Электронно-микроскопический анализ трансплантатов после иммуноцитохимической обработки показал, что условия проведения реакции на ГАМК существенно не отразились на сохранности ультраструктуры. В них наблюдали характерное для мозговой ткани соотношение нервных и глиальных клеток, организованный нейропиль и разные типы синаптических контактов. По интенсивности иммуномечения на ГАМК среди ненейрональных клеток выделялись протоплазматические астроциты, которые особенно активно взаимодействовали с антителами. Такие астроциты имели крупное ядро, малое количество органелл в цитоплазме и практически не содержали микрофиламентов. Иммунометка в виде отдельных электронно-плотных глобул размером от 20 до 60–80 нм была распределена по цитоплазме астроцитов без выраженной пространственной закономерности и привязки к мембранам. В то же время скопления до 10 и более позитивных гранул наблюдались над некоторыми митохондриями. Астроцитарные ядра были, как правило, иммунонегативны (рис. 2).

Рис. 2.

Иммунолокализация ГАМК в цитоплазме астроцита интранеокортикального трансплантата. Nucleus – ядро астроцита. Некоторые ГАМК-позитивные гранулы указаны стрелками. Масштаб: 1 мкм.

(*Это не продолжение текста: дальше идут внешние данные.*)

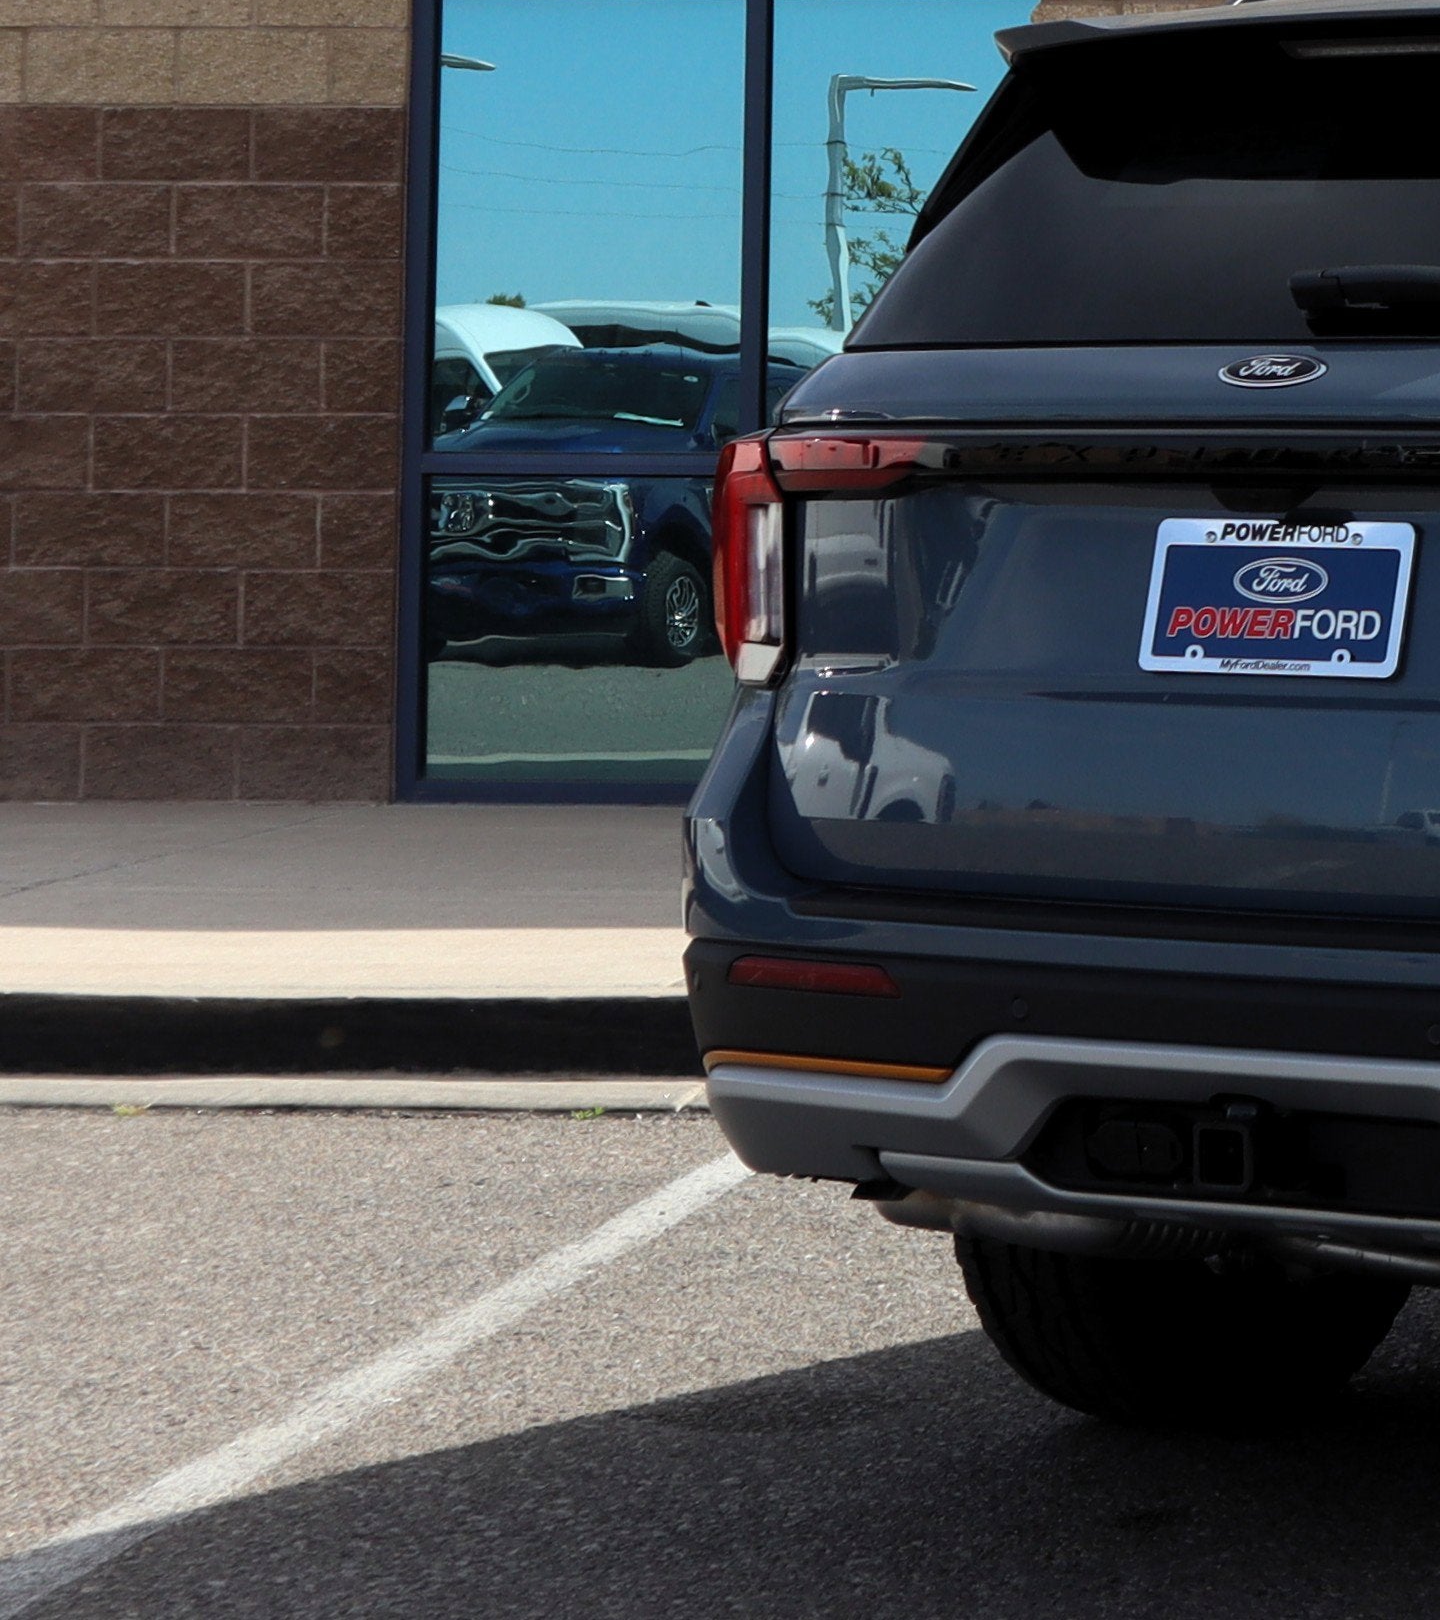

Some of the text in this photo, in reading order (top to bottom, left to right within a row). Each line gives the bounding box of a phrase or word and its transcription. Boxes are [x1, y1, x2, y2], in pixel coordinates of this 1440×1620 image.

В нейропиле трансплантатов, состоящем из переплетения отростков нейрональных и глиальных клеток, многие перерезанные астроцитарные профили также были иммуномеченными (рис. 2, 3). Гранулы реакционного продукта в них имели хаотичное распределение, аналогичное тому, что в телах астроцитов. Перисинаптические астроцитарные отростки, расположенные около асимметричных возбуждающих синаптических контактов и представляющие один из компонентов трехчастных синапсов, также содержали редкие иммунопозитивные гранулы. Кроме того, продукт иммунореакции изредка наблюдали над профилями миелиновой оболочки аксонов (рис. 3). Следует отдельно отметить высокий уровень иммунореактивности в клеточной стенке кровеносных капилляров, что проявлялось не только в большом количестве ГАМК-положительных частиц в перикапиллярных астроцитарных концевых ножках, но и в достаточно выраженной экспрессии иммунометки в эндотелиальных клетках (рис. 4).

Рис. 3.

Нейропиль неокортикального трансплантата. М – миелинизированный аксон. Звездочками обозначены активные зоны возбуждающего синаптического контакта; ао – астроцитарные отростки (astrocytic outgrowth). Другие обозначения и масштаб как на рис. 2.

Рис. 4.

Кровеносный капилляр в неокортикальном трансплантате. V – просвет сосуда; E – эндотелиальные клетки; аf – перикапиллярные астроцитарные ножки (astrocytic foot), ао – астроцитарные отростки (astrocytic outgrowth). Другие обозначения и масштаб как на рис. 2 и 3.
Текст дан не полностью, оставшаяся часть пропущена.